The Dharug language, also spelt Darug, Dharuk, and other variants, and also known as the Sydney language, Gadigal language (Sydney city area), is an Australian Aboriginal language of the Yuin–Kuric group that was traditionally spoken in the region of Sydney, New South Wales, until it became extinct due to the effects of colonisation. It is the traditional language of the Dharug people. The Dharug population has greatly diminished since the onset of colonisation. The term Eora language has sometimes been used to distinguish a coastal dialect from hinterland dialects, but there is no evidence that Aboriginal peoples ever used this term, which simply means "people". Some effort has been put into reviving a reconstructed form of the language.

==Name==
The speakers did not use a specific name for their language prior to settlement by the First Fleet. The coastal dialect has been referred to as Iyora (also spelt as Iora or Eora), which simply means "people" (or Aboriginal people), while the inland dialect has been referred to as Dharug, a term of unknown origin or meaning. Linguist and anthropologist Jakelin Troy (2019) describes two dialects of the Sydney language, with neither Dharug (S64) nor Eora being in the historical record as language names.
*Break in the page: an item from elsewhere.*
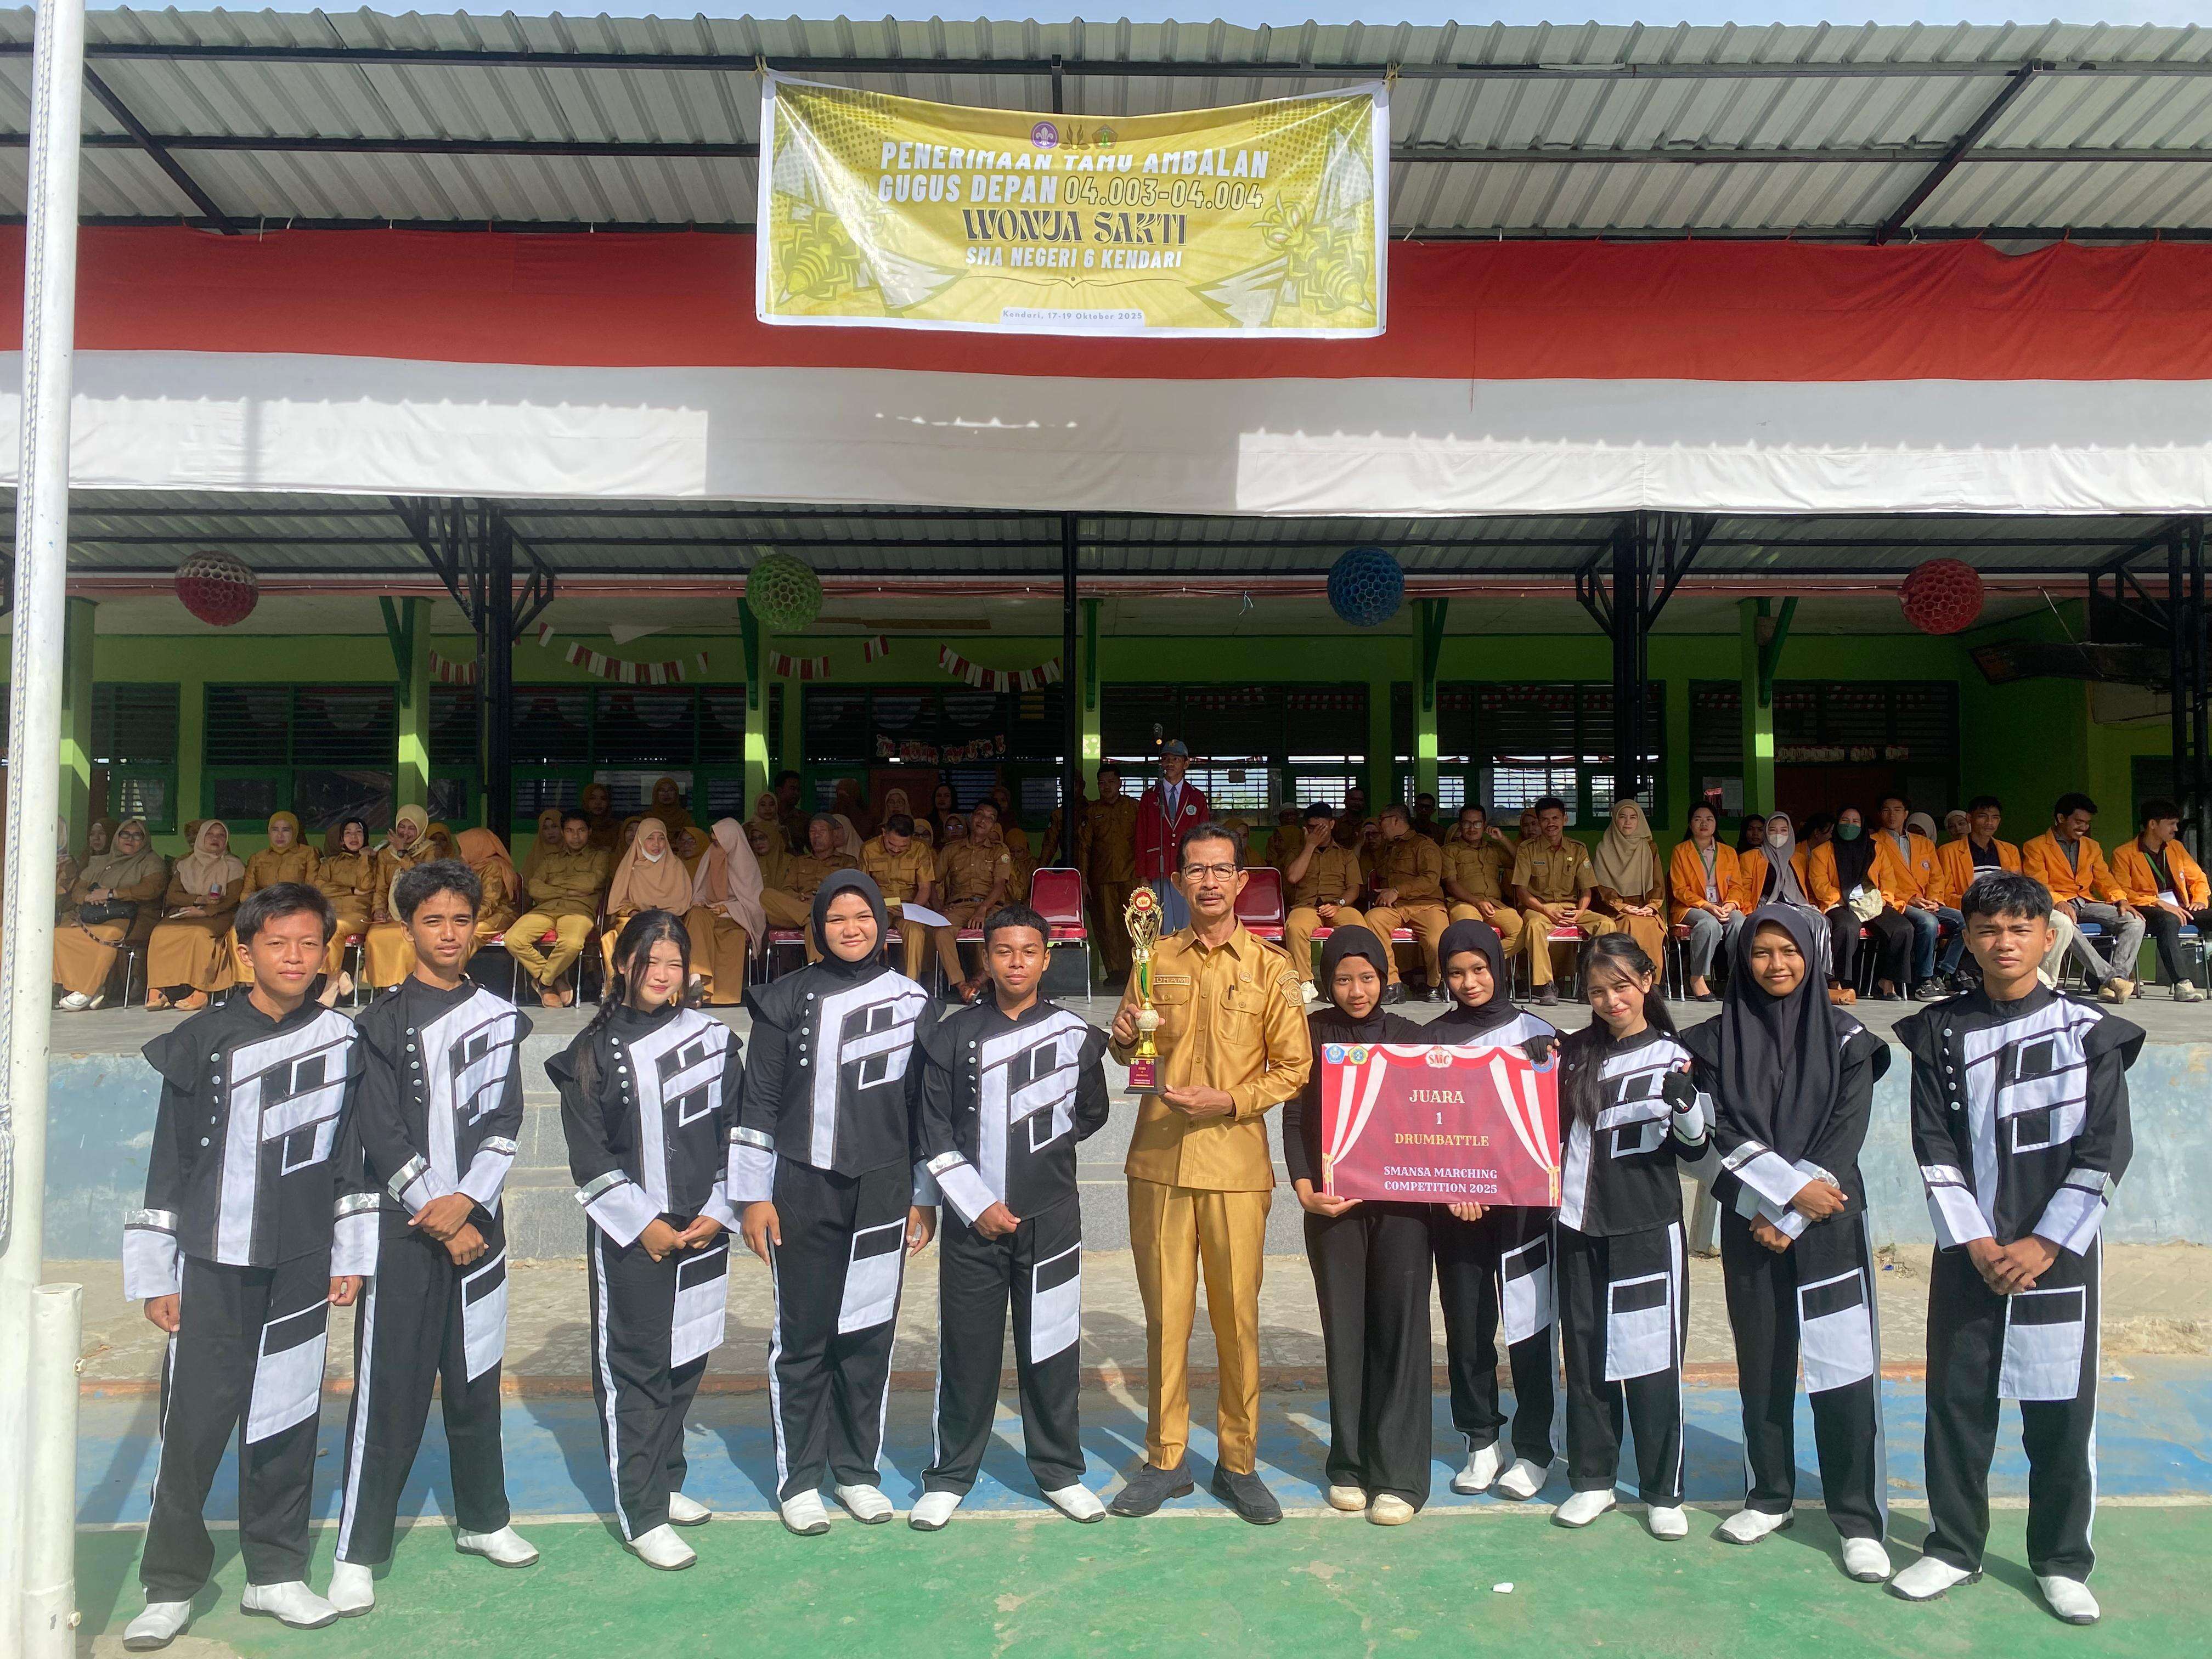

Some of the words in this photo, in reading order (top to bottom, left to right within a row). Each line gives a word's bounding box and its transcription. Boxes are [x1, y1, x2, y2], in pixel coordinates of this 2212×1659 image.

Language scholar Jeremy Steele and historian Keith Vincent Smith have postulated the name "Biyal Biyal" for the language, based on evidence that this term or something like it was actually used.

A website devoted to Dharug and Dharawal resources says "The word Daruk was assigned to the Iyura (Eora) people as a language group, or more commonly referred to as the people that sustained their diet by the constant digging of the yams as a vegetable supplement. The Dark, Darug, Tarook, Taruk Tarug is related to the word Midyini, meaning yam".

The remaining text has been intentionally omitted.